Le mouvement amazigh ou la réalité d'un Maroc oublié



Parler du mouvement culturel amazigh, c'est évoquer le combat d'une communauté majoritaire au Maroc pour la démocratie et les droits de l'homme. Le mouvement culturel amazigh (MCA), revendique les fondements mêmes de la démocratie : le droit d'exister en tant que peuple ayant sa langue, sa culture et son identité reconnues sur sa propre terre. Le MCA est né par réaction légitime à la politique culturelle et identitaire menée par les pouvoirs politiques au Maroc, qui consiste à étouffer chez les Amazighs toute velléité de revendication linguistique et de libertés démocratiques. Nous essaierons ci-après de retracer les grandes lignes de ce mouvement depuis sa naissance jusqu'à nos jours.
Pour mieux comprendre la formation du MCA, il est important de rappeler la situation du Maroc à l'indépendance. L'indépendance du Maroc signifiait, entre autre, la passation de pouvoirs des élites coloniales aux élites marocaines qui étaient essentiellement issues de la région arabophone de Fès et de Salé. Cette élite était très inspirée par la puissante idéologie du « nationalisme arabe ». Elle forma le parti politique de l'Estiqlal, l'unique parti d'alors, dont la tâche principale était de mettre sur pied un état national ayant une « culture nationale » et une langue unanimiste pour retrouver une identité forte et rassemblante, seule capable de lutter contre l'influence de l'impérialisme occidental. Pour ce faire, une politique d'arabisation accrue a été menée ; l'objectif étant d'arabiser les Marocains qui parlaient en grande majorité l'amazigh. L'arabisation a été justifiée par le statut de la langue arabe : langue de révélation liée au caractère miraculeux du Coran.
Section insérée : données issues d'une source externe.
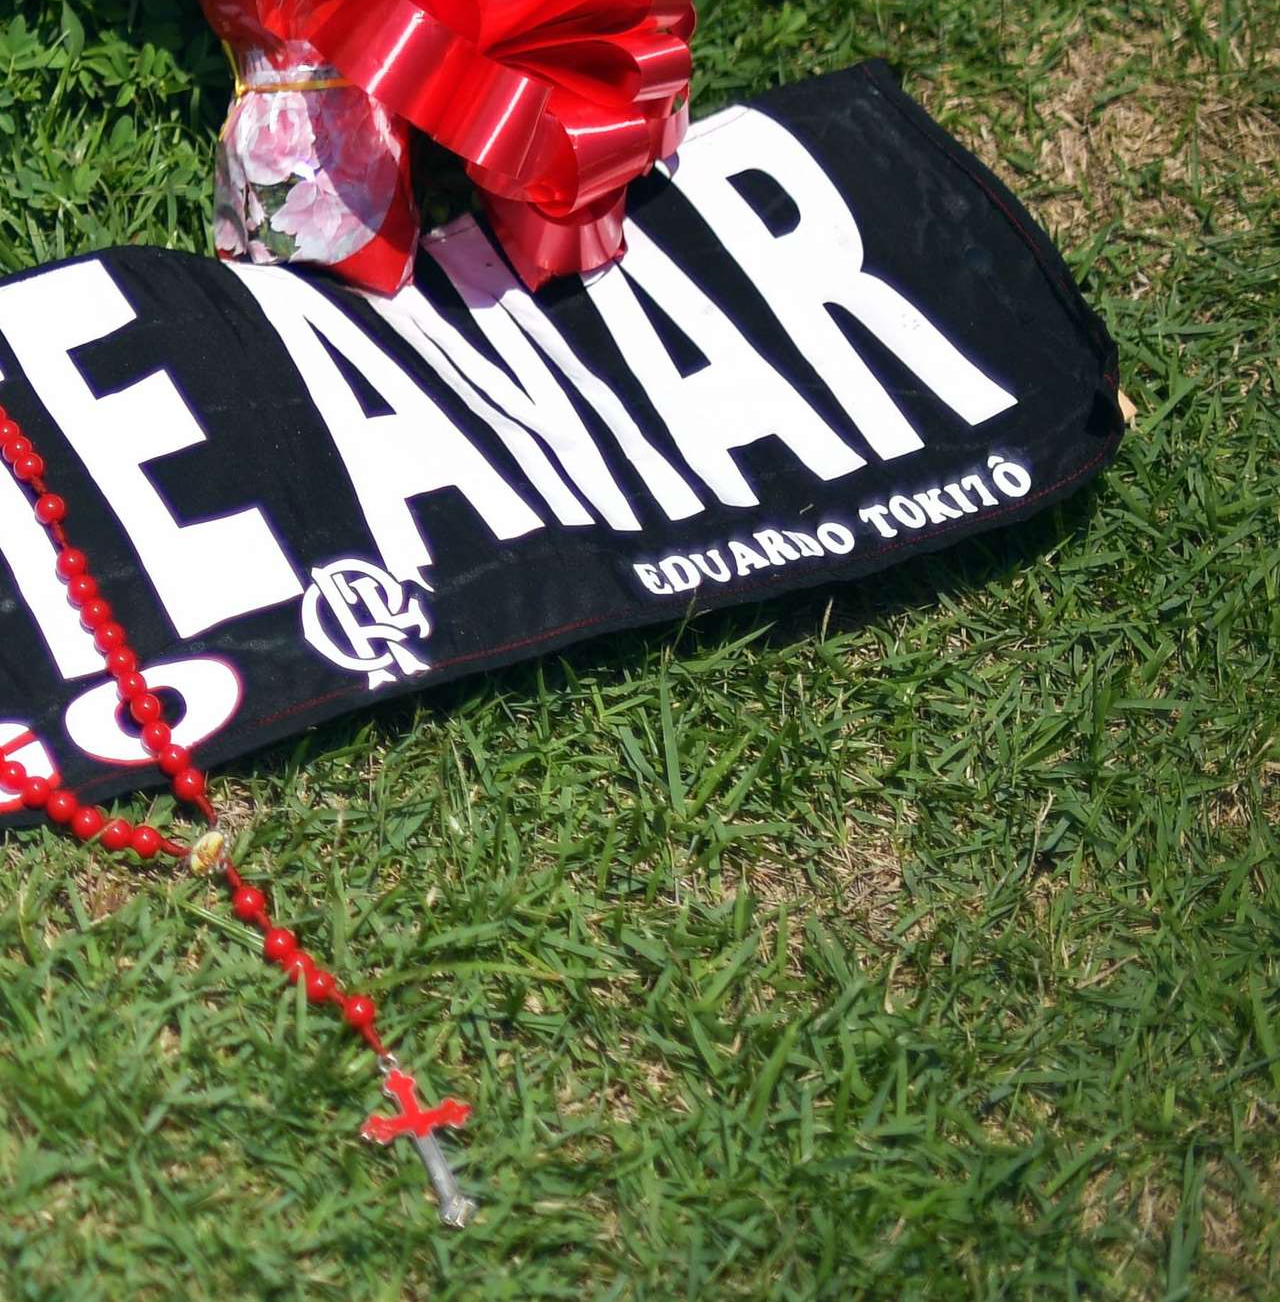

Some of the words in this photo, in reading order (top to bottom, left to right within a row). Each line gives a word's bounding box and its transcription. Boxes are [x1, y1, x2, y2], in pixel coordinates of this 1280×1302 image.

[219, 104, 1018, 584] AMAR
[633, 521, 856, 595] EDUARDO
[858, 454, 1032, 539] TOKITÔ
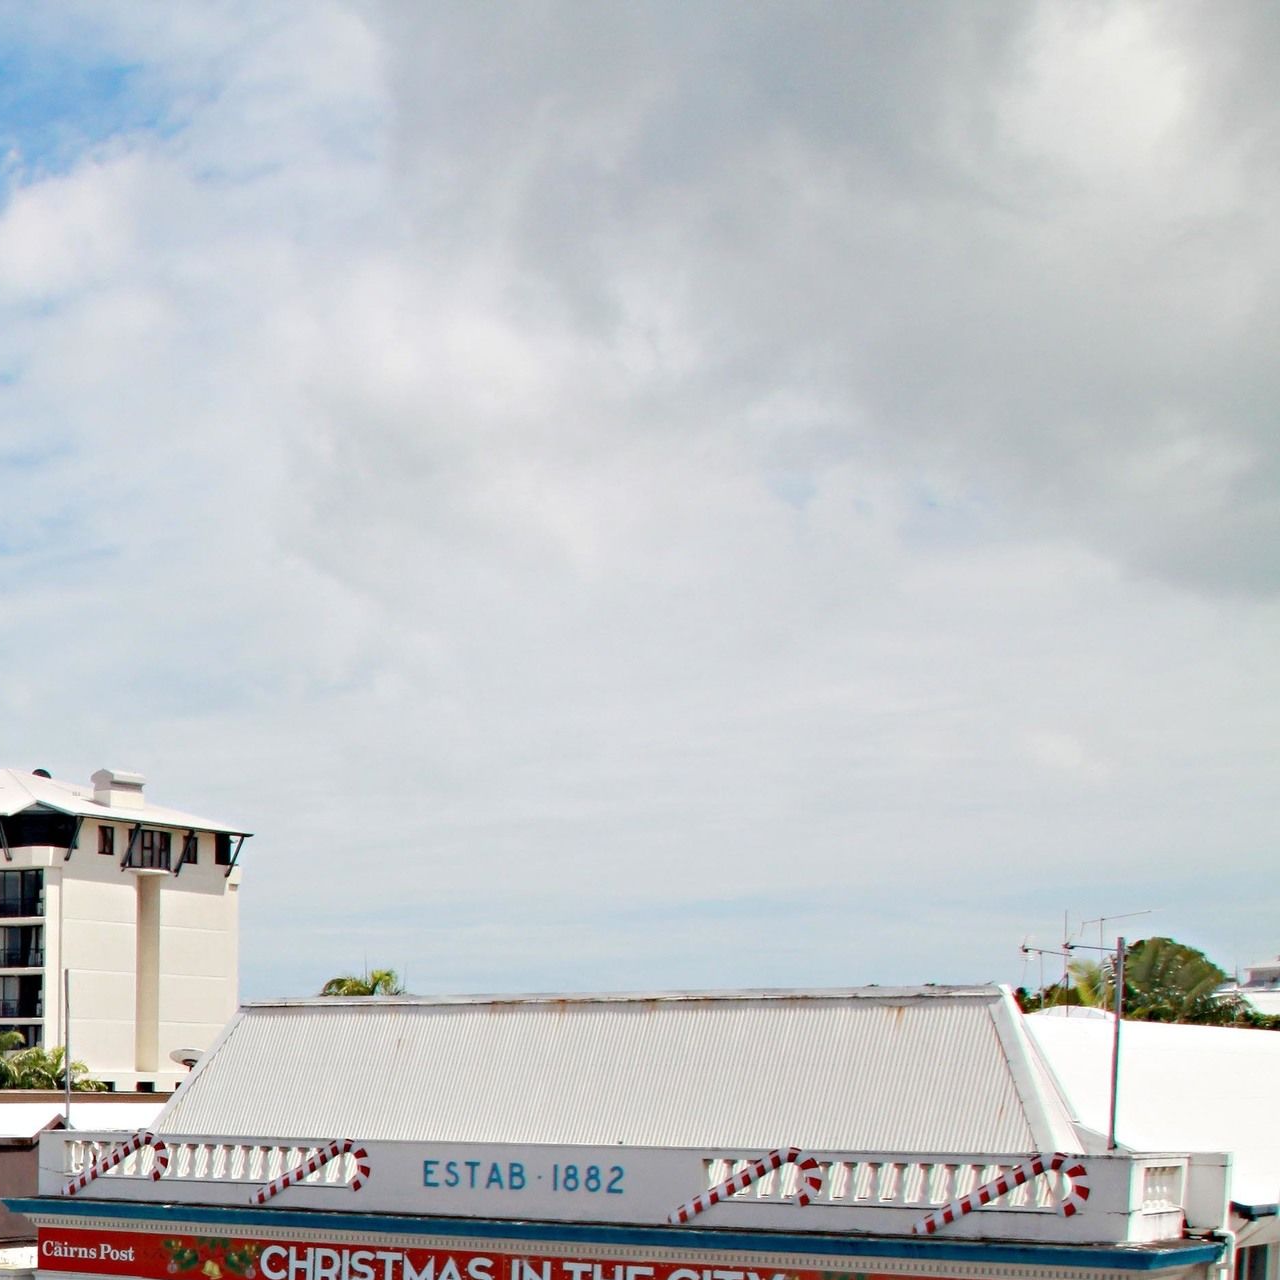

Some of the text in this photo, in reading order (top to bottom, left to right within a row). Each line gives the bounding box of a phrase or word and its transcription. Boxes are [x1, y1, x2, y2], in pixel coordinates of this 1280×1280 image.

[552, 1163, 624, 1194] 1882
[42, 1240, 135, 1261] Cairns Post
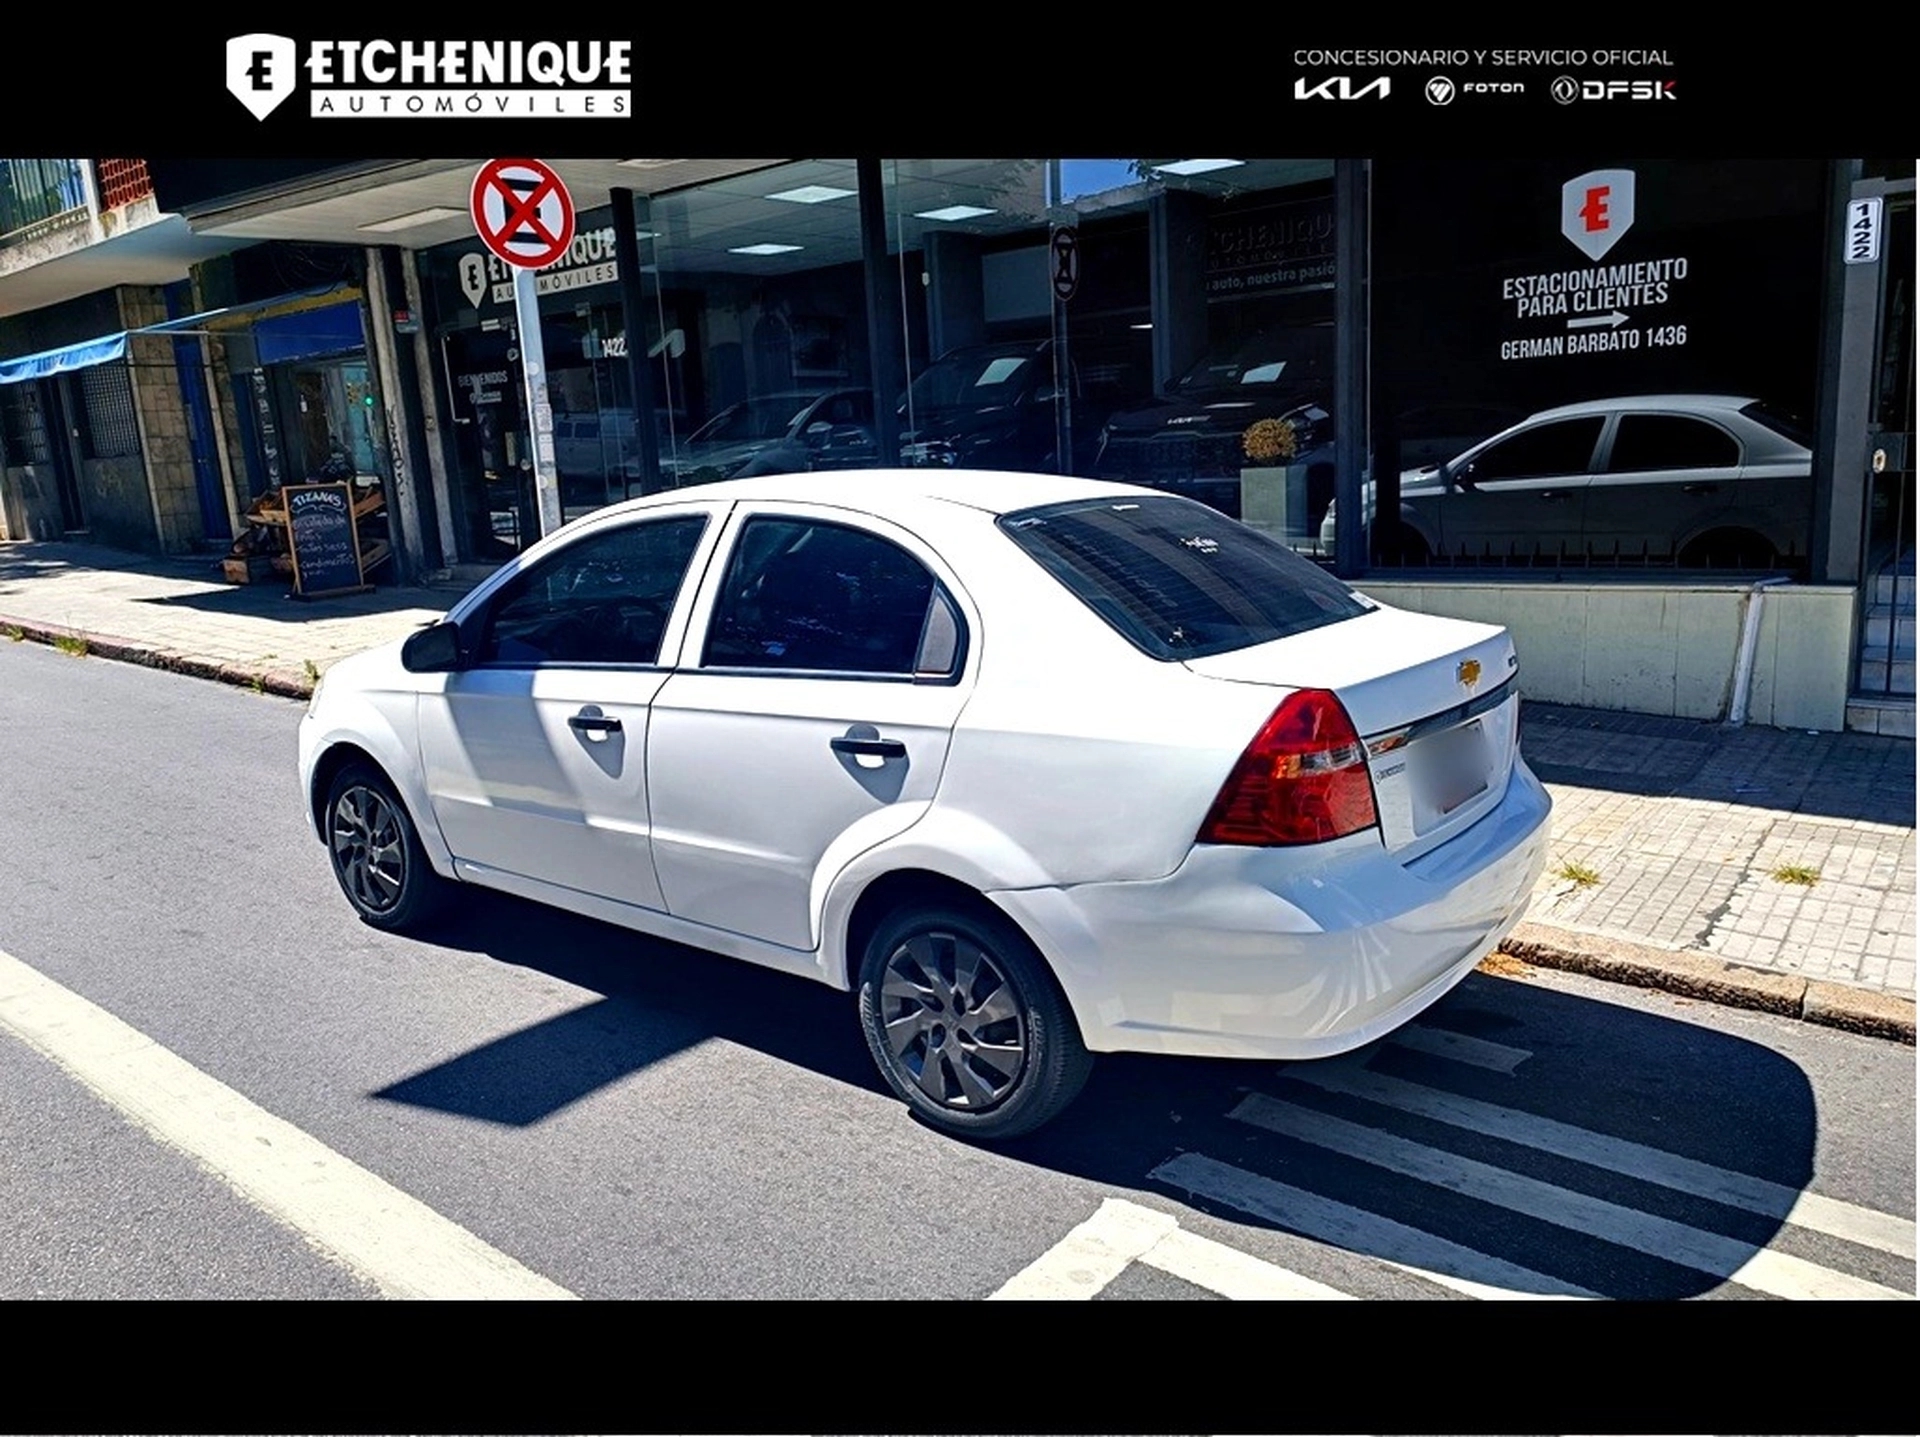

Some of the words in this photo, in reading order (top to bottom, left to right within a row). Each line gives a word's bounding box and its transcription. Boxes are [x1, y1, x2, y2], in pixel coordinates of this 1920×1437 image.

[1852, 203, 1872, 259] 1422
[496, 264, 615, 300] AUMÓVILES
[1247, 268, 1296, 286] nuestra
[1299, 260, 1336, 283] pasió
[1503, 257, 1688, 300] ESTACIONAMIENTO
[1517, 293, 1568, 319] PARA
[1573, 281, 1669, 313] CLIENTES
[1501, 336, 1564, 360] GERMAN
[1567, 328, 1640, 355] BARBATO
[1646, 325, 1688, 347] 1436
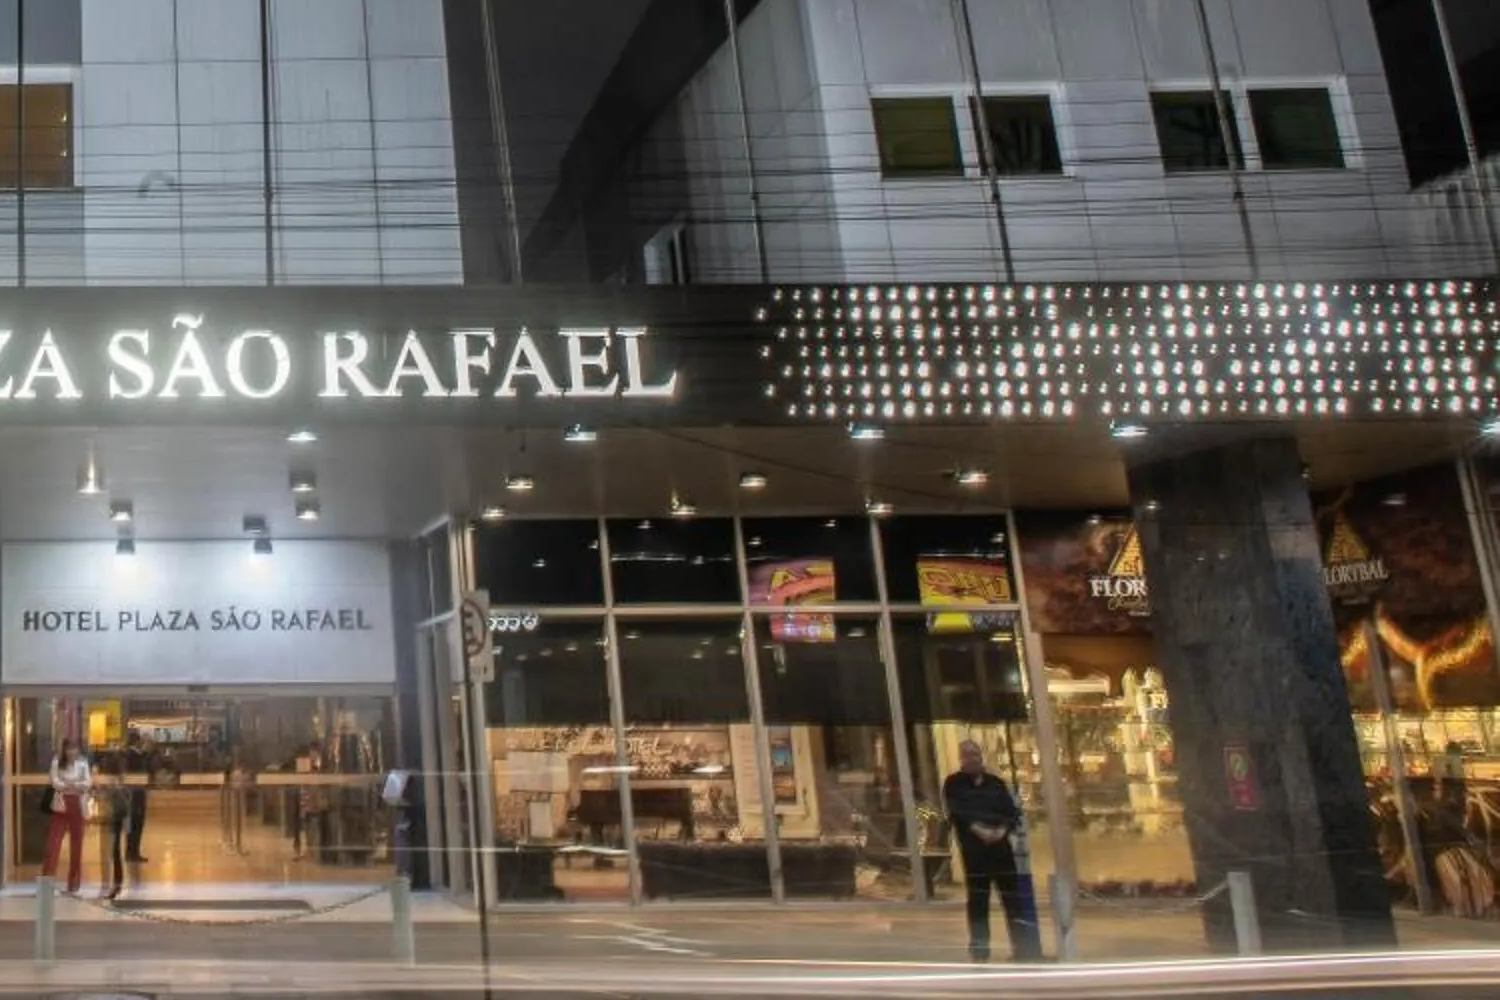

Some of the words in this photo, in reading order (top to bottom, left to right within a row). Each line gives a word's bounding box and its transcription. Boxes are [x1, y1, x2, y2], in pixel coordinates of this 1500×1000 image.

[107, 312, 292, 399] SÃO
[317, 325, 679, 398] RAFAEL
[1089, 576, 1149, 597] FLOR
[23, 609, 109, 633] HOTEL
[118, 609, 200, 633] PLAZA
[211, 604, 261, 632] SÃO
[271, 608, 374, 632] RAFAEL
La politique d'arabisation devint le symbole de ce que Grandguillaume (Arabisation et politique linguistique au Maghreb) appelle à juste titre « le consensus national ». Tous les Marocains étaient censés en être les défenseurs et toute critique de l'arabisation fut réprimée, car considérée comme une atteinte à la cause nationale. Le chauvinisme pour la langue arabe devint un devoir religieux, patriotique et nationaliste mené par tous les Marocains, groupes et individus, arabophones et même berbérophones. Le point fort et à la fois très sensible de ce nationalisme arabe était l'utilisation du sentiment religieux. L'arabité et l'Islam se sont confondues pour ne plus être qu'un seul et unique repère identitaire. Les Marocains sont musulmans donc arabes ! Le berbère n'est qu'un particularisme régional sans aucun statut, si ce n'est celui de l'infériorité et de l'ignorance.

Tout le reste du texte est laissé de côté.